BEGIN Dataset excerpts

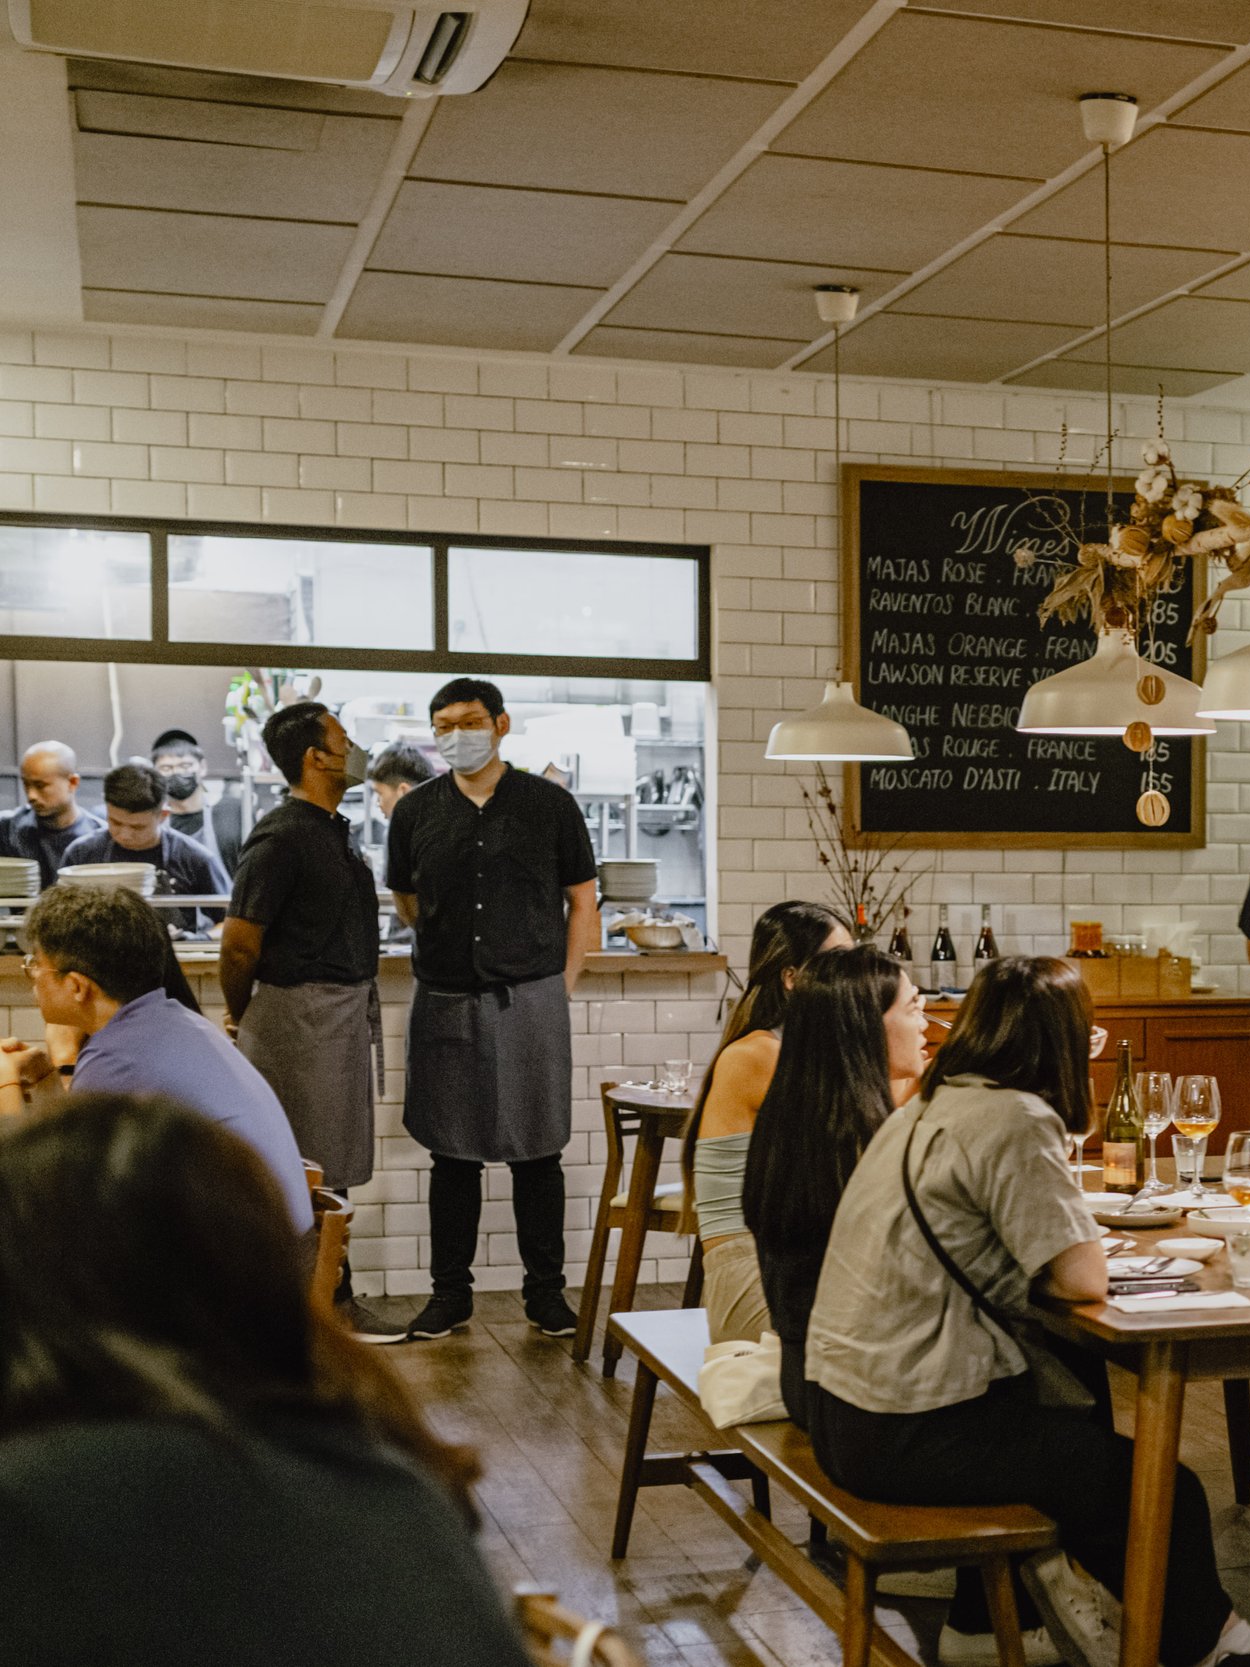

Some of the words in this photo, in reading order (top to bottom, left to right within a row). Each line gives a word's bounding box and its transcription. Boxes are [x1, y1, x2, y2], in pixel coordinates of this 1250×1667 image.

[951, 496, 1070, 556] Wines
[866, 555, 930, 583] MAJAS
[942, 557, 988, 584] ROSE
[869, 588, 955, 615] RAVENTOS
[965, 592, 1020, 616] BLANC
[871, 628, 936, 656] MAJAS
[949, 632, 1028, 659] ORANGE
[1142, 640, 1178, 665] 205
[868, 662, 944, 686] LAWSON
[950, 665, 1021, 688] RESERVE
[942, 734, 1000, 758] ROUGE
[1027, 738, 1097, 761] FRANCE
[870, 767, 953, 791] MOSCATO
[963, 767, 1021, 791] D'ASTI
[1047, 767, 1100, 794] ITALY

END Dataset excerpts

**What needs to be done:** All of the entries above must be reproduced exactly, and no image may be included.

**Output of the exercise:**
Some of the words in this photo, in reading order (top to bottom, left to right within a row). Each line gives a word's bounding box and its transcription. Boxes are [x1, y1, x2, y2], in pixel coordinates of this 1250×1667 image.

[951, 496, 1070, 556] Wines
[866, 555, 930, 583] MAJAS
[942, 557, 988, 584] ROSE
[869, 588, 955, 615] RAVENTOS
[965, 592, 1020, 616] BLANC
[871, 628, 936, 656] MAJAS
[949, 632, 1028, 659] ORANGE
[1142, 640, 1178, 665] 205
[868, 662, 944, 686] LAWSON
[950, 665, 1021, 688] RESERVE
[942, 734, 1000, 758] ROUGE
[1027, 738, 1097, 761] FRANCE
[870, 767, 953, 791] MOSCATO
[963, 767, 1021, 791] D'ASTI
[1047, 767, 1100, 794] ITALY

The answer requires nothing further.